▶ **PROBLEM DESCRIPTION**
Output, exactly as written, the lines of the data below from the one containing "this 1500×1334 image." to the end.

####

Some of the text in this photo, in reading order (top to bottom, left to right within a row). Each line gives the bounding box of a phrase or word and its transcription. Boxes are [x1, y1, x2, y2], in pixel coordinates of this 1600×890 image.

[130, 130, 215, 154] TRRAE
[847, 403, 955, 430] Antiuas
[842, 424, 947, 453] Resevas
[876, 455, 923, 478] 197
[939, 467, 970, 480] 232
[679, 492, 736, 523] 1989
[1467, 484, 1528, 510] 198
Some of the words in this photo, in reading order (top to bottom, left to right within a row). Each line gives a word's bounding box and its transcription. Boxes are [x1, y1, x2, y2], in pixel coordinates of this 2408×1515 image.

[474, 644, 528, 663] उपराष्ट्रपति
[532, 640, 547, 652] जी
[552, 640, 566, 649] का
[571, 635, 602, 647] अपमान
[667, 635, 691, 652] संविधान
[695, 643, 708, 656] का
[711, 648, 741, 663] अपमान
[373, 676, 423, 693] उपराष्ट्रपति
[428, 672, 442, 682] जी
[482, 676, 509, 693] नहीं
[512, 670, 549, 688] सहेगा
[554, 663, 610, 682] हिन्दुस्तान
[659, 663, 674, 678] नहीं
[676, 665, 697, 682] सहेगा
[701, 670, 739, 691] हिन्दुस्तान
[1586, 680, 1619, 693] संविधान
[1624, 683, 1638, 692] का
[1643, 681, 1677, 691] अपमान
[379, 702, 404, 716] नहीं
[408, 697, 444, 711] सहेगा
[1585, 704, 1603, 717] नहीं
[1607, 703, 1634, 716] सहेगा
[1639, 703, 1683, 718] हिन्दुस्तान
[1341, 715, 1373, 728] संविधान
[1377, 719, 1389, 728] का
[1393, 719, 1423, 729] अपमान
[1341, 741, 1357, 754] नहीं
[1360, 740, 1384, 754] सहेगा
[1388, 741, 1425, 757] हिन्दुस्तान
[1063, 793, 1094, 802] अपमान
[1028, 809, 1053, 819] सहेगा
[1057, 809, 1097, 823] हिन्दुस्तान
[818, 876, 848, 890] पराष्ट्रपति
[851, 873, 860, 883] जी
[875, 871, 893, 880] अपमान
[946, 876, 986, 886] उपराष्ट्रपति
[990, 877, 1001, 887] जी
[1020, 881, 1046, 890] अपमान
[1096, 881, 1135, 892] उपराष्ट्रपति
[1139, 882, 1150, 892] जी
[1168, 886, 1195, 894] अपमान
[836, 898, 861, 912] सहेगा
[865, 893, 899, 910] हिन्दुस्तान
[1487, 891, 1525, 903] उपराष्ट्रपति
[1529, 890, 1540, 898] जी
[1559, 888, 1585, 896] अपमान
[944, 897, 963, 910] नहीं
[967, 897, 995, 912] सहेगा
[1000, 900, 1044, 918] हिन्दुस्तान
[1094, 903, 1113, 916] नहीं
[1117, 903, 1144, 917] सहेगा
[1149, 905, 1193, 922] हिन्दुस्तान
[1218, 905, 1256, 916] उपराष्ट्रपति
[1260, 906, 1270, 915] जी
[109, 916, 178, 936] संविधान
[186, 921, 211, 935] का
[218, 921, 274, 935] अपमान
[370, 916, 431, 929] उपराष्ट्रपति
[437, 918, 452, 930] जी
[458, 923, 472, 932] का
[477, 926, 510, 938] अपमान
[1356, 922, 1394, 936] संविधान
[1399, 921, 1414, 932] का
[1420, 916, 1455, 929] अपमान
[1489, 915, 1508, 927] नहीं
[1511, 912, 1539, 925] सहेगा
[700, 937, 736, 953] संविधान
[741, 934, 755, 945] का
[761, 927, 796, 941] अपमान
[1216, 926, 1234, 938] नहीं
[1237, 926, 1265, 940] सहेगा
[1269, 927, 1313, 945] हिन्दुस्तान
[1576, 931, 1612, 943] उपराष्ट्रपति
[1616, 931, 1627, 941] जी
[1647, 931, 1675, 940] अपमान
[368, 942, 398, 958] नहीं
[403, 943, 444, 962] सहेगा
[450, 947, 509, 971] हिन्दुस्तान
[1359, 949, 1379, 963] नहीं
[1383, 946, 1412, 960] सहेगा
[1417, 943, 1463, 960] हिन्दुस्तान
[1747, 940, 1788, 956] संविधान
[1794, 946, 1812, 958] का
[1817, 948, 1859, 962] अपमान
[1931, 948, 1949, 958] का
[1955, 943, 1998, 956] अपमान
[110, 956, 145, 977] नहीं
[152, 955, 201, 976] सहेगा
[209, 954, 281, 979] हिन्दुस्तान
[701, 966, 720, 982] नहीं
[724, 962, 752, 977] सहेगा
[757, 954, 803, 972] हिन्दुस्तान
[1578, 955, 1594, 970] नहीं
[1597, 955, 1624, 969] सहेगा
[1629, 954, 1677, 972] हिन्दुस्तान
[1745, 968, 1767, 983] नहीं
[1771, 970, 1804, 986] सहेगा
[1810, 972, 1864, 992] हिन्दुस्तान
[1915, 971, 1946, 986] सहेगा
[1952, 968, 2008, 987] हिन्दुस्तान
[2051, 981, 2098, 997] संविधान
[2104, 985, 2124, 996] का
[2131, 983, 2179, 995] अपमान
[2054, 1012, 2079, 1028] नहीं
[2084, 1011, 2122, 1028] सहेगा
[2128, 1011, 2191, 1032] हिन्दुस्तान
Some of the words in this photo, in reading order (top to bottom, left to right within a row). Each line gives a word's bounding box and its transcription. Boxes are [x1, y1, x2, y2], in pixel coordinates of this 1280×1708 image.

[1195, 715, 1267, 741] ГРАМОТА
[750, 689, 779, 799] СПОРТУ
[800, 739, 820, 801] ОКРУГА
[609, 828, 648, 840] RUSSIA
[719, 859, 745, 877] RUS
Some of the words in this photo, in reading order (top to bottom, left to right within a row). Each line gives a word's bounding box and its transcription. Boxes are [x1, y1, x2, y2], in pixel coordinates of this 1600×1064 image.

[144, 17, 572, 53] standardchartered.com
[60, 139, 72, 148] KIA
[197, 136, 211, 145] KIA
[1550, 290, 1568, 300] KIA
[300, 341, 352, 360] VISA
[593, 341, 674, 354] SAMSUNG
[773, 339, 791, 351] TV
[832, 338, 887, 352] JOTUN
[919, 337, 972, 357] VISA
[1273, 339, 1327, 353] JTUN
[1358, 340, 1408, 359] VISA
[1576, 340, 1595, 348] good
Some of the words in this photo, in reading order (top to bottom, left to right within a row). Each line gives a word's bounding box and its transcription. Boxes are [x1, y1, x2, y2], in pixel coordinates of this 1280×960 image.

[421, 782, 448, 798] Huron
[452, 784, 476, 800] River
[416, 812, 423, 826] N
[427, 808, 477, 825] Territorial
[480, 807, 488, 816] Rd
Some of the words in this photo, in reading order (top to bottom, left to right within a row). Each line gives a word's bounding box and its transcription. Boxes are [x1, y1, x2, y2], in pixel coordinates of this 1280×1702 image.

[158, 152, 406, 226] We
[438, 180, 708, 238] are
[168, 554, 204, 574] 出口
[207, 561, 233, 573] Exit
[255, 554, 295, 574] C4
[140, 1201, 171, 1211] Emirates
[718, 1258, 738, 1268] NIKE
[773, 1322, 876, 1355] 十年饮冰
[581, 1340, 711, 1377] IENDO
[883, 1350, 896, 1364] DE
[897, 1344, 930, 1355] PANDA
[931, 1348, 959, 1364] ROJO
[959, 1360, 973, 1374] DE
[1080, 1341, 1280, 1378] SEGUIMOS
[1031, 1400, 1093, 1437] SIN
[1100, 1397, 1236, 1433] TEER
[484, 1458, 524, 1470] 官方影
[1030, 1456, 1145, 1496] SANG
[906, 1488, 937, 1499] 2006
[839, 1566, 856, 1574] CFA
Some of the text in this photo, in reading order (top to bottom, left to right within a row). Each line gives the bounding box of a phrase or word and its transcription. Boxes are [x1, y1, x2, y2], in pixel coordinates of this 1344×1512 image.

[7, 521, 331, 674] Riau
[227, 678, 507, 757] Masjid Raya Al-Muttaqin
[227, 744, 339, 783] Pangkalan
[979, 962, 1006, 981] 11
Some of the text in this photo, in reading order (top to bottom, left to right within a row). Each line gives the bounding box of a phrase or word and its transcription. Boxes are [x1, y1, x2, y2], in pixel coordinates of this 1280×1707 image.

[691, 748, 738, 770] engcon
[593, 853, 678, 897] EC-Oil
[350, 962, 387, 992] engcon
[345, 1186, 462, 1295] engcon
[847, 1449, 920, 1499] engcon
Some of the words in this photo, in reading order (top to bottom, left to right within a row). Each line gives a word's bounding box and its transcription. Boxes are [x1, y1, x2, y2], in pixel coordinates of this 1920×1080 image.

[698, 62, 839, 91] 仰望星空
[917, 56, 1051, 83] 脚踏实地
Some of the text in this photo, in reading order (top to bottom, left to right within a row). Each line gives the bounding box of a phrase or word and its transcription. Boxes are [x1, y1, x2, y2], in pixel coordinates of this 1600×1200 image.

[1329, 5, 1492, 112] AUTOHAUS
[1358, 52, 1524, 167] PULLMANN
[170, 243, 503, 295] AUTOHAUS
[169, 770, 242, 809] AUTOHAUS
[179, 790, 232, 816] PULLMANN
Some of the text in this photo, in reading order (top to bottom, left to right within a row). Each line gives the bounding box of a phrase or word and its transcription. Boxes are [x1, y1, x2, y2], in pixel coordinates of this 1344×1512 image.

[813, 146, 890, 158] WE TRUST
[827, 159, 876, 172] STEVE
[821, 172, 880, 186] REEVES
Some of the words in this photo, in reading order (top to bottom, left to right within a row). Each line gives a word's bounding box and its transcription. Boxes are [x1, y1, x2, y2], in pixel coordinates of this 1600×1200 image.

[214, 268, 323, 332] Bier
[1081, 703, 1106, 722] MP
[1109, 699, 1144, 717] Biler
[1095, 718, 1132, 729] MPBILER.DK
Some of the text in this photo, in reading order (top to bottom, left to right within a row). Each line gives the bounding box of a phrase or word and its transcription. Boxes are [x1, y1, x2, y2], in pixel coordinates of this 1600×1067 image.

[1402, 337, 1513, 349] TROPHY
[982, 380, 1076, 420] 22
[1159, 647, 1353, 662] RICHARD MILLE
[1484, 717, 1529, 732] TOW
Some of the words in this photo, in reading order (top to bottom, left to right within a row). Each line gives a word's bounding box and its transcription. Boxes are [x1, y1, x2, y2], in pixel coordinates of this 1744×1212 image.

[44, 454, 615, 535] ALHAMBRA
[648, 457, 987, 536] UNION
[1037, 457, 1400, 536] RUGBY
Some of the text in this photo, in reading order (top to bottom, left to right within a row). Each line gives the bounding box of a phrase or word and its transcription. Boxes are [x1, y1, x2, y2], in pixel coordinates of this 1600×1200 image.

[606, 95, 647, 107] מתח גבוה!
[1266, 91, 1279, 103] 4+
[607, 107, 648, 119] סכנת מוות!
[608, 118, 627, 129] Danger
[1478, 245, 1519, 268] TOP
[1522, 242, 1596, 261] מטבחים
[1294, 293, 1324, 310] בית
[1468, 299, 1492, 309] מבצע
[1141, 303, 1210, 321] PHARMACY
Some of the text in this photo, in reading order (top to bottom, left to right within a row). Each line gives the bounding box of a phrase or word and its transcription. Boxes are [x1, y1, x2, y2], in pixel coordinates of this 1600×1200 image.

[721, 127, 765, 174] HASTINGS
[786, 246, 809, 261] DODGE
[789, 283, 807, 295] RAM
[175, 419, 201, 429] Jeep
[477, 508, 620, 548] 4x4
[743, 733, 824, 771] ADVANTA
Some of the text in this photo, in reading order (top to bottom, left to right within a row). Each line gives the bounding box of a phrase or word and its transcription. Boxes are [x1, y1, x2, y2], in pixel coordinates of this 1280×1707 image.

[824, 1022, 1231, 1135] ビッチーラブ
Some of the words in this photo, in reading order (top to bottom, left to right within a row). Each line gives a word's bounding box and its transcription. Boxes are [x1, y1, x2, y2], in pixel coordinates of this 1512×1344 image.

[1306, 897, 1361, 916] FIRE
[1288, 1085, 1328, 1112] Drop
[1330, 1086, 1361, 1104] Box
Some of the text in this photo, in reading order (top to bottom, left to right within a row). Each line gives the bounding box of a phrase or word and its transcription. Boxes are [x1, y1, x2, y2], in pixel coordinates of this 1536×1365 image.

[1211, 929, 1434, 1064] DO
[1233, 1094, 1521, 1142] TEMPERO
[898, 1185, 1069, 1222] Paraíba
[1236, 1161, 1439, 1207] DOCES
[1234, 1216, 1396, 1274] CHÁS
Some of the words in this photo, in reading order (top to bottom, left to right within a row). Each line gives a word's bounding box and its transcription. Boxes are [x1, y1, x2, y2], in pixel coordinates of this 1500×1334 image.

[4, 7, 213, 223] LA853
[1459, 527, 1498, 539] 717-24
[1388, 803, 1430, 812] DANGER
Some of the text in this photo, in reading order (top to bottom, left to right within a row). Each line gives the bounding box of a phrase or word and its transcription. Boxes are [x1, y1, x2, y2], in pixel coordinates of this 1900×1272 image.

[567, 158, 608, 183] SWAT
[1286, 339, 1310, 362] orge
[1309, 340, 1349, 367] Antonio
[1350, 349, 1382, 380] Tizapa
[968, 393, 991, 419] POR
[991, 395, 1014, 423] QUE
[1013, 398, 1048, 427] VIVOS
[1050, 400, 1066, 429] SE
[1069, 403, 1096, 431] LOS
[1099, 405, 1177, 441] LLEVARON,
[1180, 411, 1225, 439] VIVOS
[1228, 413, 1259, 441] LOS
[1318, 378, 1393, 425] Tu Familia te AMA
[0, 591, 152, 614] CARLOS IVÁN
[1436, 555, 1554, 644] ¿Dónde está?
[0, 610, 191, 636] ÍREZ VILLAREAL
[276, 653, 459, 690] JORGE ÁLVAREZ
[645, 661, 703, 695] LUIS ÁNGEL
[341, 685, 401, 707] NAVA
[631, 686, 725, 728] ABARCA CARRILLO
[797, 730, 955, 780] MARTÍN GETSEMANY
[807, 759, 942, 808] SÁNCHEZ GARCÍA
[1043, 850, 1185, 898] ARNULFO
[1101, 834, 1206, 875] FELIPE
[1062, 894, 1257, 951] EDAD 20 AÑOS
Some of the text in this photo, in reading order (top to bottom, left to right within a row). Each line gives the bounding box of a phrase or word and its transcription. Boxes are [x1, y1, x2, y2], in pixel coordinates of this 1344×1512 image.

####

▶ **TASK ANSWER**
Some of the words in this photo, in reading order (top to bottom, left to right within a row). Each line gives a word's bounding box and its transcription. Boxes are [x1, y1, x2, y2], in pixel coordinates of this 1500×1334 image.

[4, 7, 213, 223] LA853
[1459, 527, 1498, 539] 717-24
[1388, 803, 1430, 812] DANGER
Some of the text in this photo, in reading order (top to bottom, left to right within a row). Each line gives the bounding box of a phrase or word and its transcription. Boxes are [x1, y1, x2, y2], in pixel coordinates of this 1900×1272 image.

[567, 158, 608, 183] SWAT
[1286, 339, 1310, 362] orge
[1309, 340, 1349, 367] Antonio
[1350, 349, 1382, 380] Tizapa
[968, 393, 991, 419] POR
[991, 395, 1014, 423] QUE
[1013, 398, 1048, 427] VIVOS
[1050, 400, 1066, 429] SE
[1069, 403, 1096, 431] LOS
[1099, 405, 1177, 441] LLEVARON,
[1180, 411, 1225, 439] VIVOS
[1228, 413, 1259, 441] LOS
[1318, 378, 1393, 425] Tu Familia te AMA
[0, 591, 152, 614] CARLOS IVÁN
[1436, 555, 1554, 644] ¿Dónde está?
[0, 610, 191, 636] ÍREZ VILLAREAL
[276, 653, 459, 690] JORGE ÁLVAREZ
[645, 661, 703, 695] LUIS ÁNGEL
[341, 685, 401, 707] NAVA
[631, 686, 725, 728] ABARCA CARRILLO
[797, 730, 955, 780] MARTÍN GETSEMANY
[807, 759, 942, 808] SÁNCHEZ GARCÍA
[1043, 850, 1185, 898] ARNULFO
[1101, 834, 1206, 875] FELIPE
[1062, 894, 1257, 951] EDAD 20 AÑOS
Some of the text in this photo, in reading order (top to bottom, left to right within a row). Each line gives the bounding box of a phrase or word and its transcription. Boxes are [x1, y1, x2, y2], in pixel coordinates of this 1344×1512 image.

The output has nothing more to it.